Crime Takes No Holiday: A Detective Story Novella Page 6
“I don’t like this. You could get hurt.”
“I don’t like it either, but I have to live up to the sign on my door. This is just … what I do. I chose this. I took the dollar from you, and we have to find out who’s behind this. It’s the only way to find Elle.
“But you? You need to stay in this car. I mean it.”
Kate only shrugged, which I did not interpret as ‘OK, Jack, I will’.
PART SEVEN
I Told You To Stay In The Car!
So it was on. I circled around to intercept, stealing behind these goons with my sawed-off. From a lone dim streetlamp reflecting off the wet streets, I caught the silhouette of a firearm now in Thug Number One’s hand, and possibly a silencer on it.
Being creatures of habit, like their vermin pals before them, they also opted for the back door. The window was still broken and the lock no longer working, so maybe this was a good plan. If ‘Young Bessie’ and I were successful, it would not be.

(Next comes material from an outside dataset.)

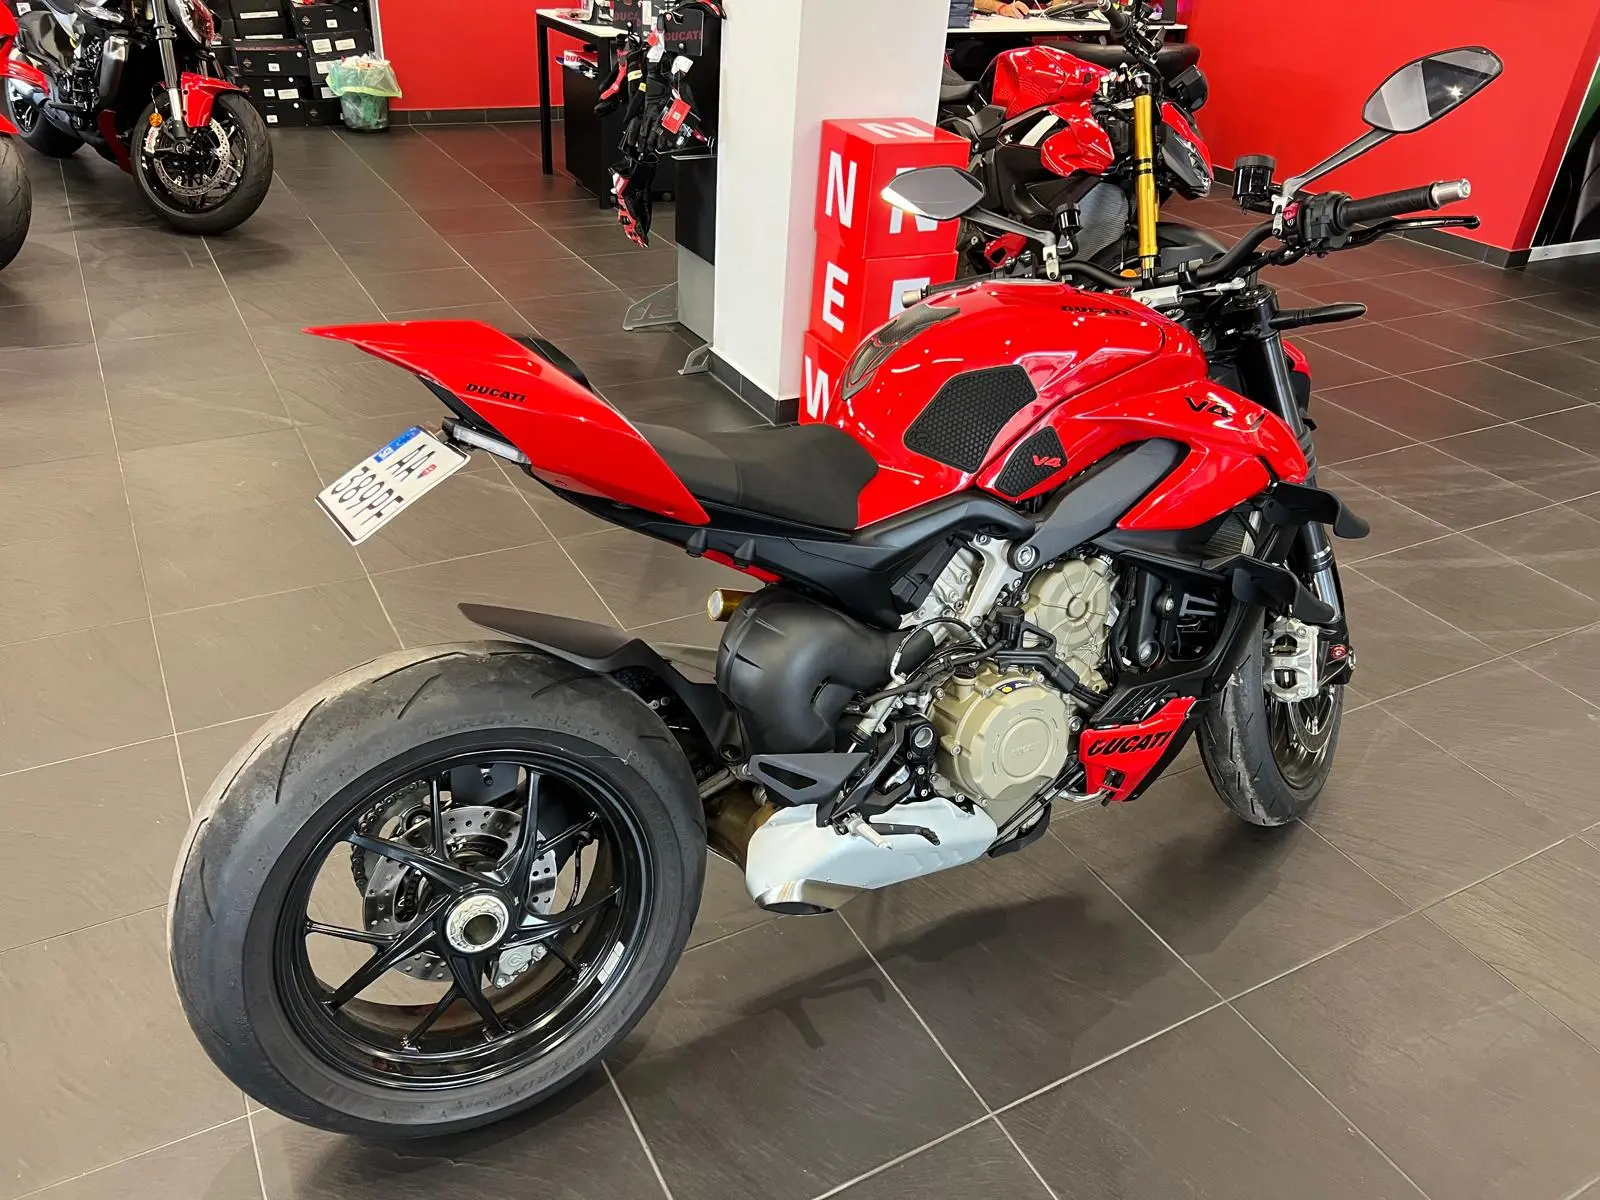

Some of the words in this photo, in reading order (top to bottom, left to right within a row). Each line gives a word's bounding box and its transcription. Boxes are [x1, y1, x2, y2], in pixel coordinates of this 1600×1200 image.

Once they were out of sight, Kate’s part in this was to quietly let all the air out of both passenger-side tires on their sedan, virtually foiling any potential getaway, while I crept behind these goons, fully loaded, to the side of the house.
As I leaned against the clapboards, for some reason I picked this moment to re-evaluate my career choices. Maybe I should have just become a gynecologist, like Dad suggested.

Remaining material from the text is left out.